Eggers is, to my mind, a great writer, with an easy fluid style. He’s like a prose young Jack Nicholson. A Hologram for the King is eminently readable. The character of Alan Clay emerges from that easy fluidity. As such, as he finds himself, waiting for the King, in the tent and the hotel, with the days opening up, clamshell-like, before him, the world a gigantic oyster of possibility, there is none of the corporate urgency that would undoubtedly thrum in his veins (if he truly was a man who had succeeded in the world of business). He receives a phone-call from his boss early in the story, enquiring as to how the presentation is going, when they expect to give it etc – but Clay never returns the call and we never hear from the boss again. There are no emails. There are no phone calls. There is no sense of a world beyond the world in which we inhabit. We know that the deal is a big deal, that Alan’s future is in question, but beyond relaying the details of that future threat, it too is largely left to hang.

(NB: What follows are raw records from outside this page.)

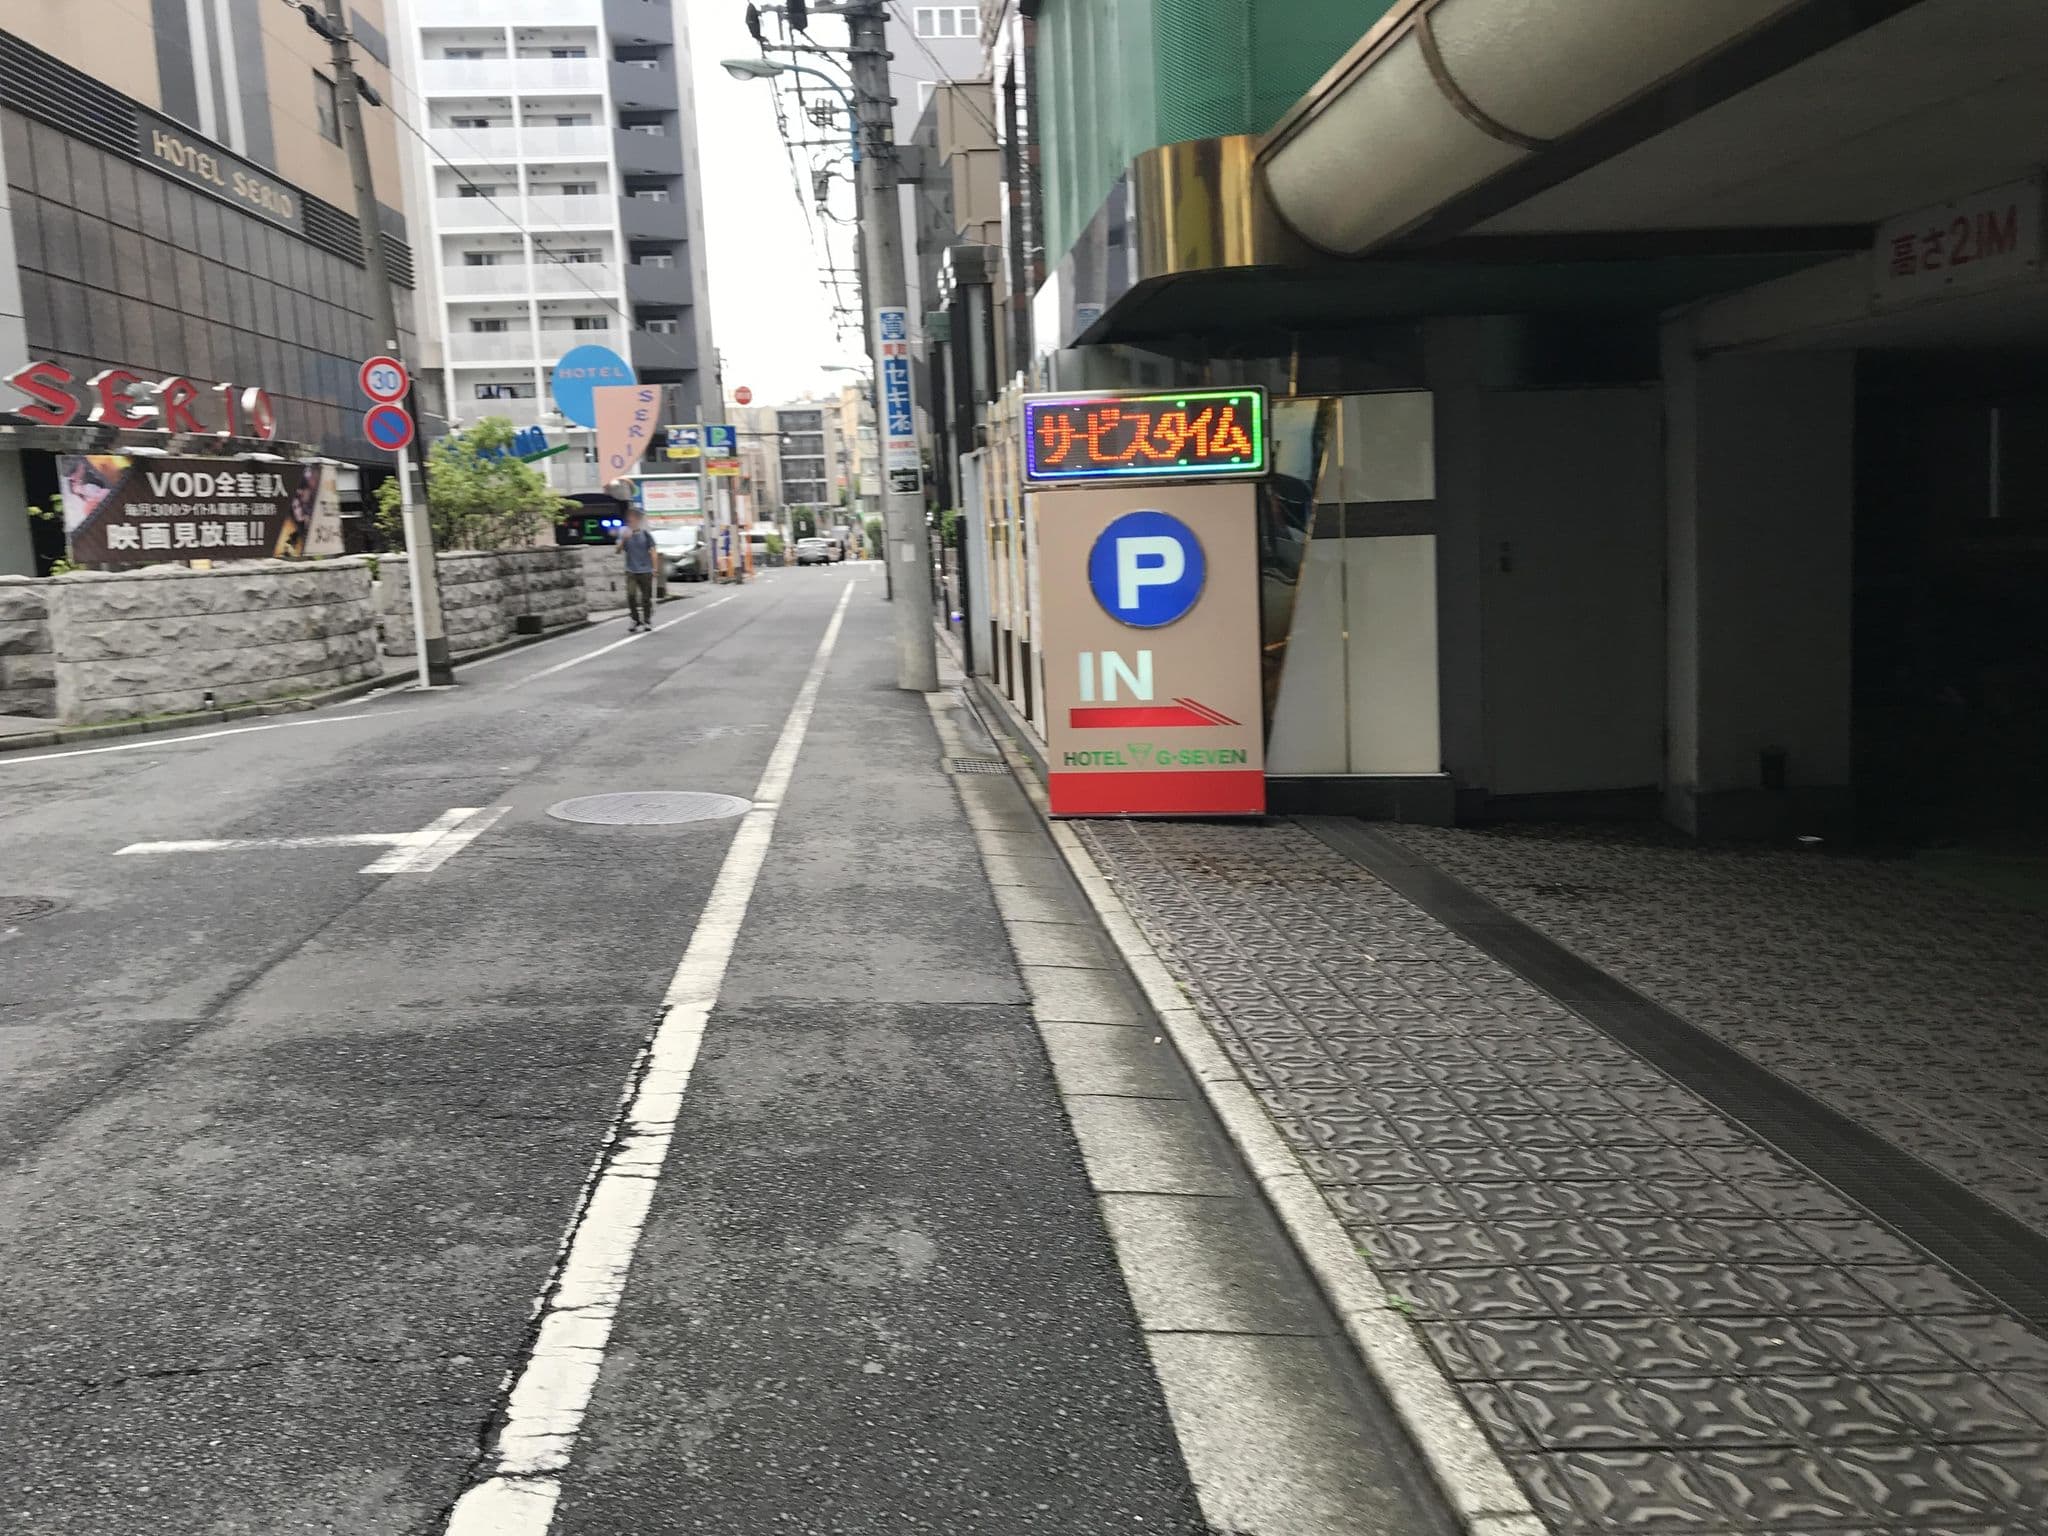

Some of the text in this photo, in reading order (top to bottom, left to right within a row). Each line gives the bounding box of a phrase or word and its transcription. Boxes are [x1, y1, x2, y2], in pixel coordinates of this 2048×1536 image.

[152, 130, 294, 219] HOTEL SERIO
[3, 361, 276, 440] SERIO
[371, 370, 398, 391] 30
[558, 367, 625, 379] HOTEL
[885, 362, 912, 432] セキネ
[610, 389, 655, 469] SERIO
[146, 471, 289, 498] VOD全室導入
[1115, 535, 1186, 610] P
[1078, 649, 1154, 701] IN
[1063, 751, 1128, 767] HOTEL
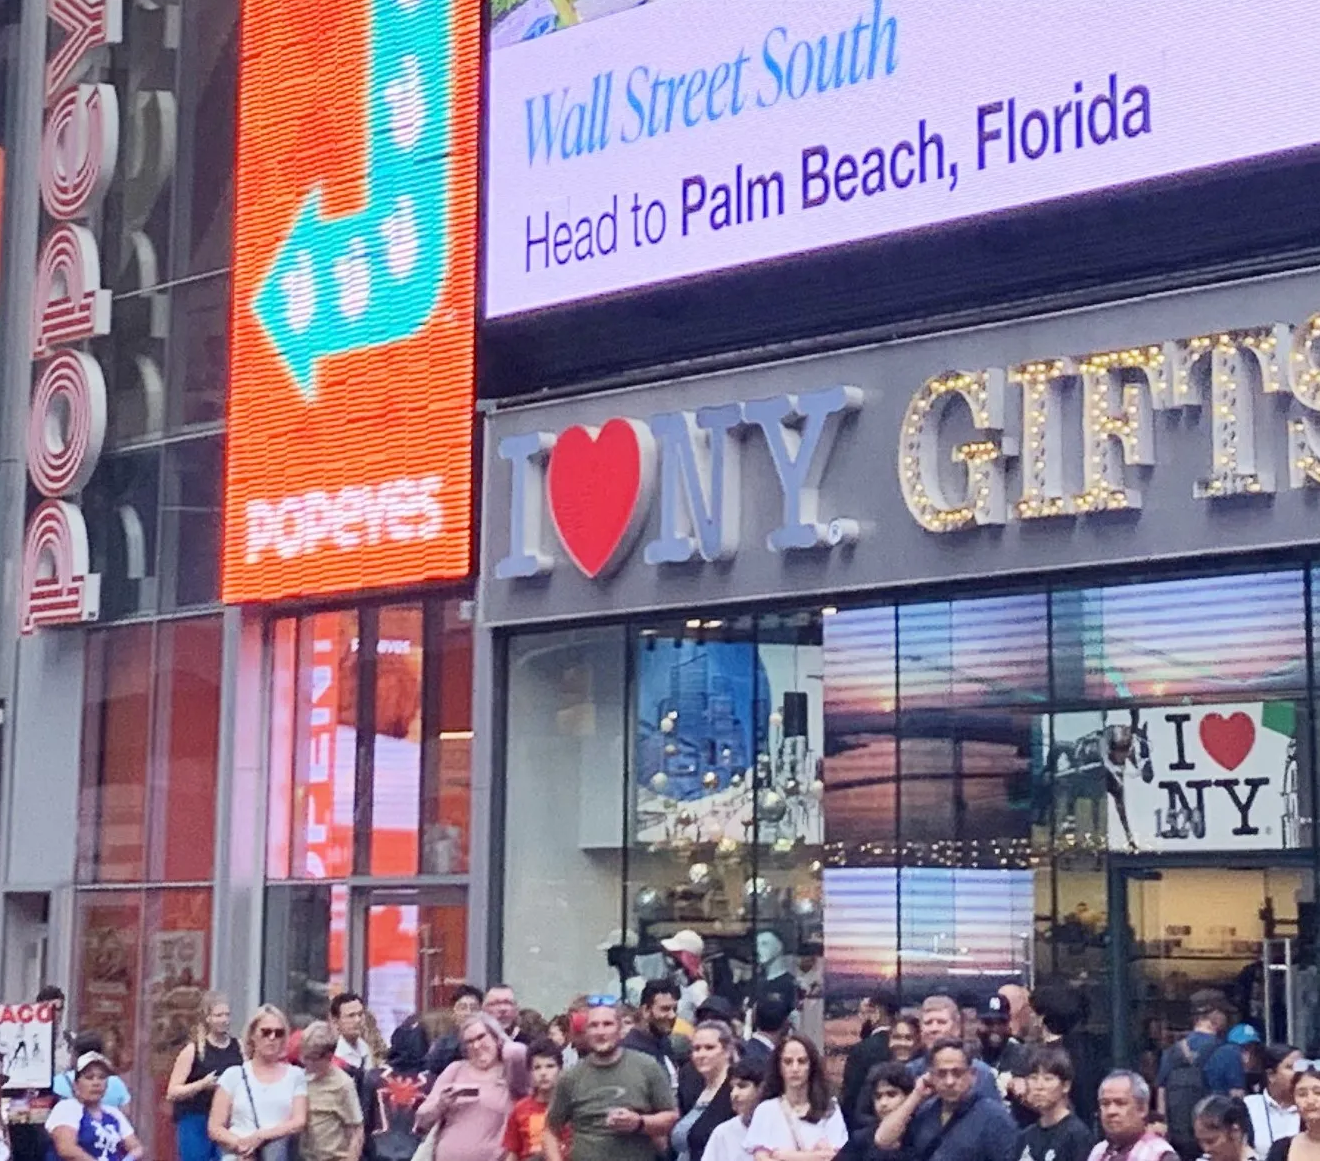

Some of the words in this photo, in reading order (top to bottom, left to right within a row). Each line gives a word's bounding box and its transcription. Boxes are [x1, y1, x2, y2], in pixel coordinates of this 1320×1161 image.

[525, 71, 613, 168] Wall
[620, 48, 751, 143] Street
[525, 195, 618, 272] Head
[632, 194, 666, 250] to
[681, 163, 785, 236] Palm
[801, 119, 959, 210] Beach,
[977, 73, 1152, 170] Florida
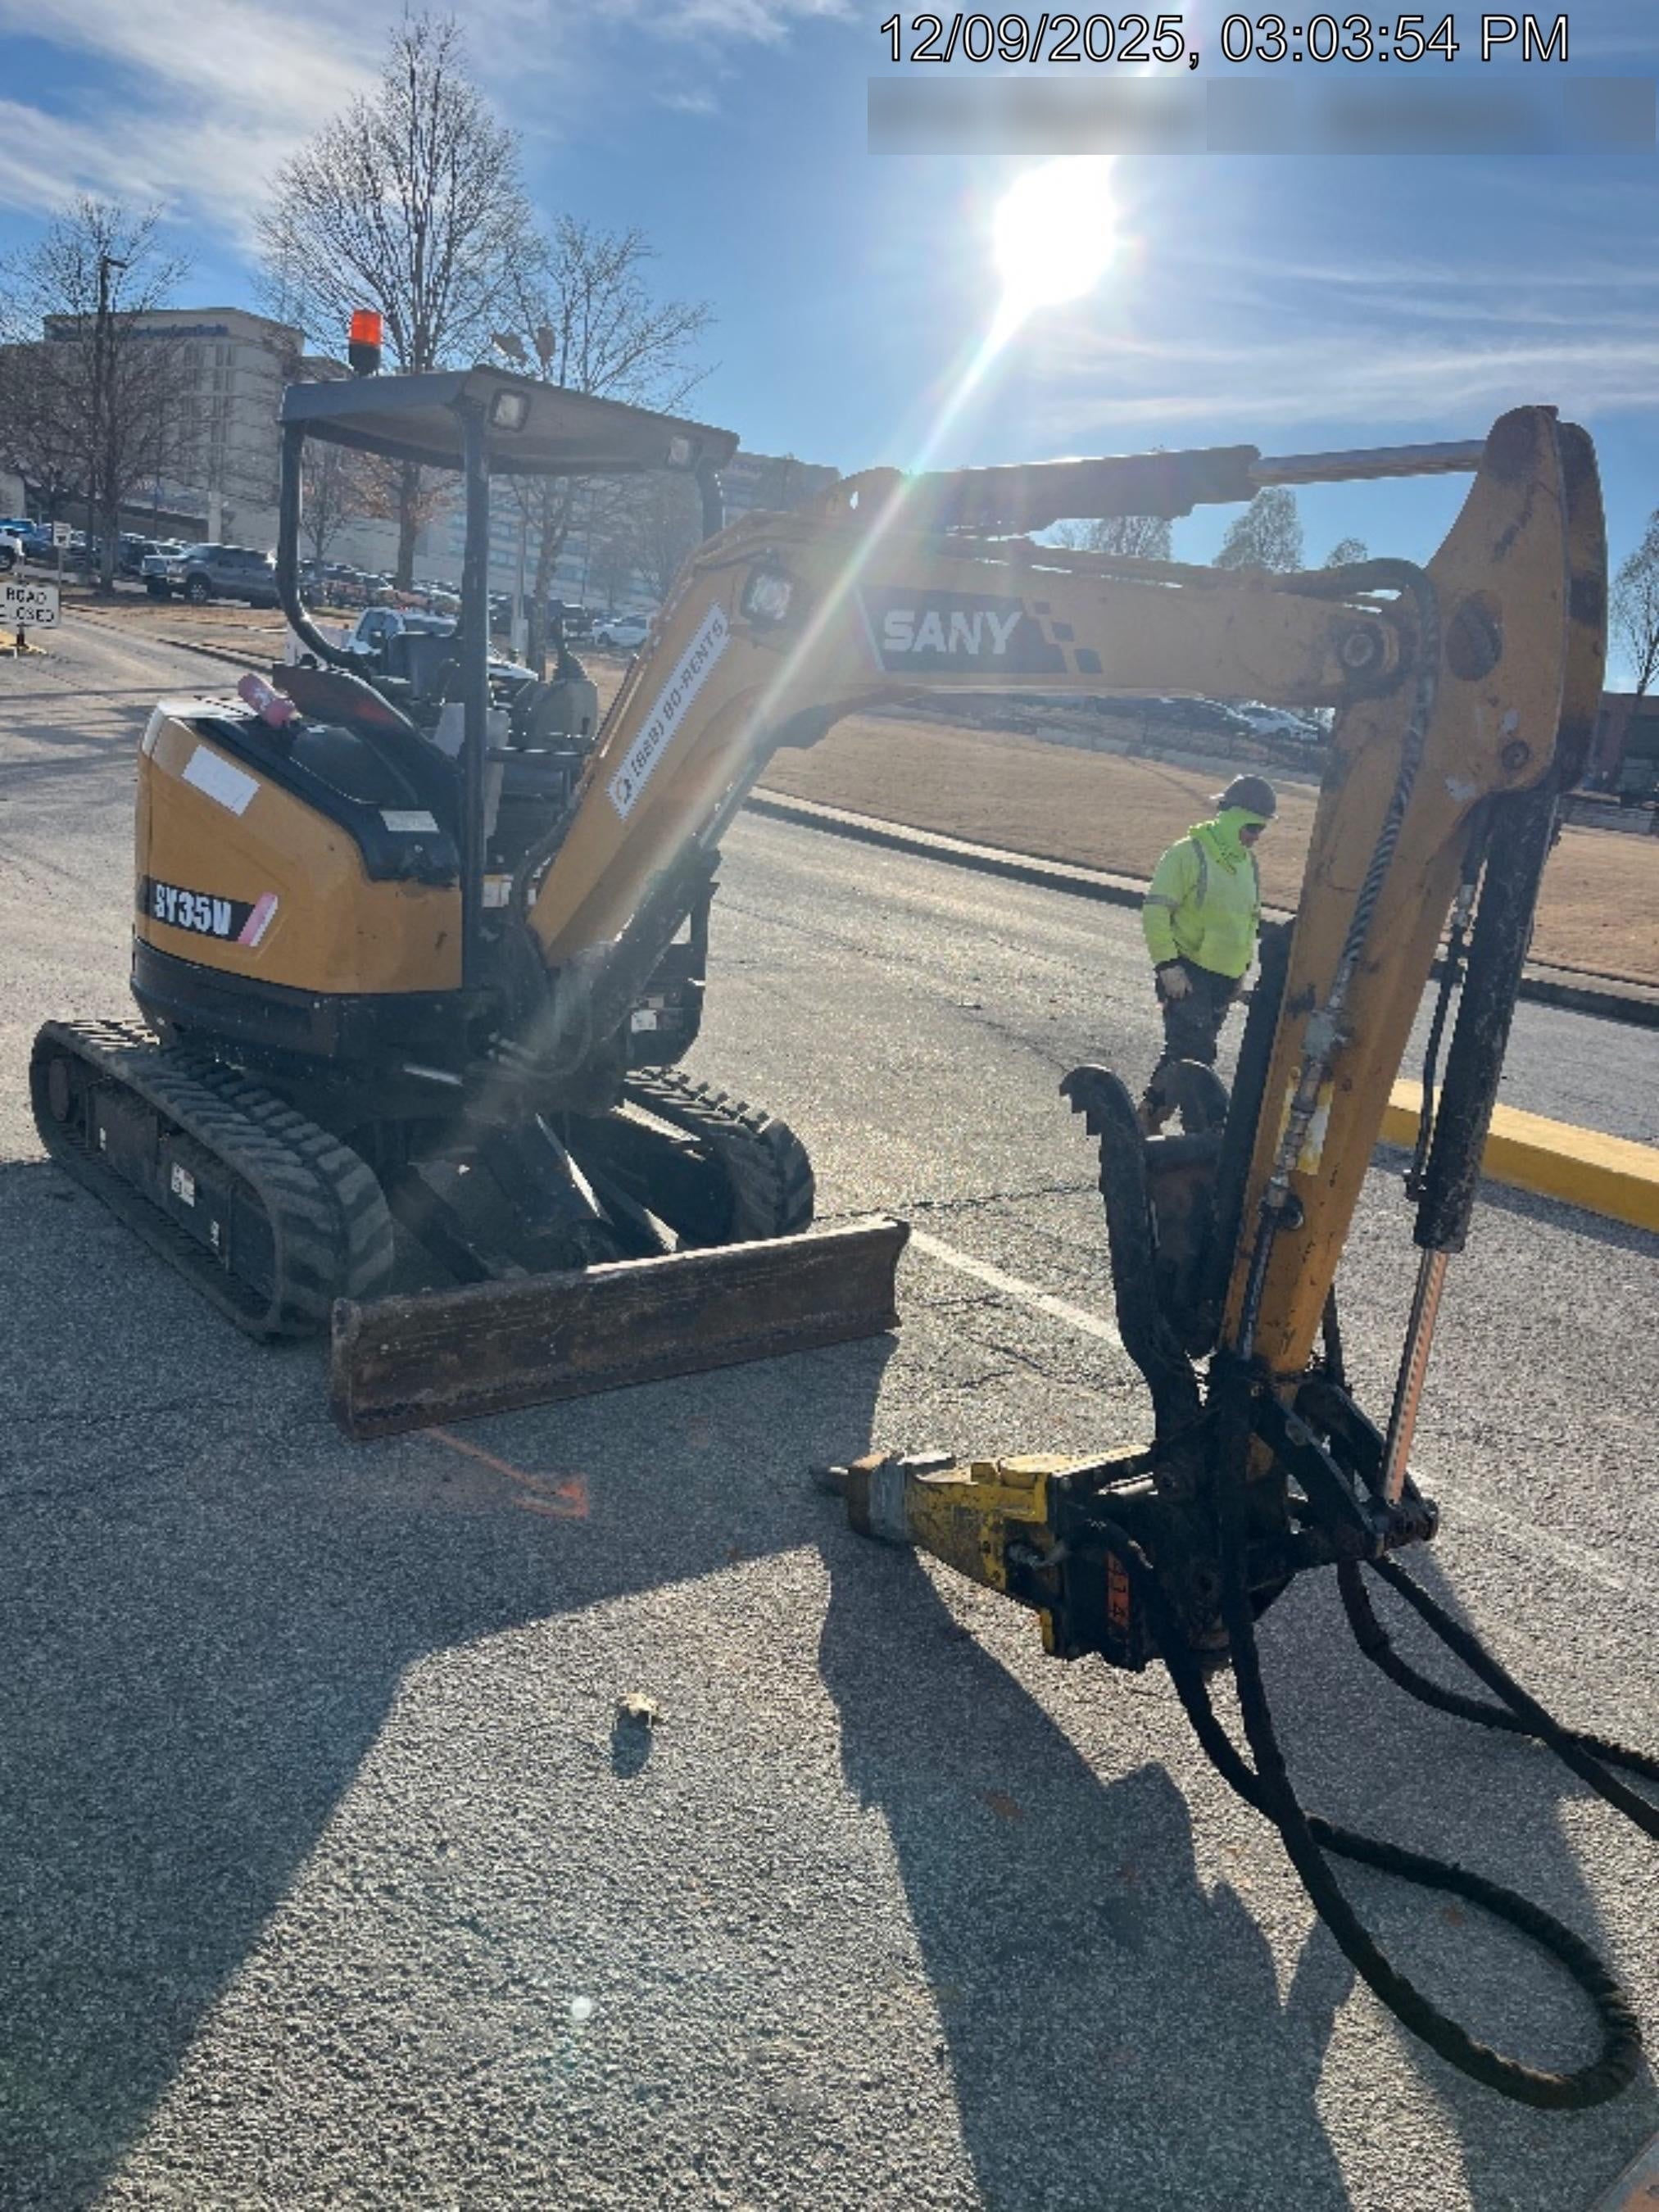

Which isn’t to say that Eggers hasn’t researched business – there is a sort of case study quietly unravelled in the background, a job Clay had years before in which he worked for Schwinn, overseeing the transfer of production from the US to China, his relationship with his father irreversibly souring (his father, quite rightly, saying that sending production overseas was a piece of disastrous short-term thinking) – and just that, if we were reading DeLillo or David Foster Wallace, the business element of A Hologram for the King would be more fully imagined, would, to put it bluntly, feel more real. Without the anchor of work, Clay is free to drift – and so he drifts to a castle in the middle of nowhere at Yousef’s behest and there is a tragedy, almost, an ellipse, in which another possible future is glimpsed, in which disgrace hangs opaquely on the horizon, as if the sun had become a watermark. Is there resolution? No. Does A Hologram for the King have a climax? Of sorts. (The King isn’t Godot.) But even as we admit that the novel quietly seeps to its close, we have to admit that, actually, if Eggers had wanted to stick around with Alan a couple of weeks longer, that would’ve been fine. It’s like the novel is a narcotic that slightly dulls your senses and warms your blood. It’s life with the edges off. It’s butter.
Any Cop?: Perhaps strangely, given what we’ve said, we liked A Hologram for the King, and would recommend it. It’s as good a novel as anything he’s done, it just occupies a space that is possibly outside Eggers’ comfort zone (which, if it’s the case, he should be applauded for). So what we lose on the swings we gain on the roundabouts.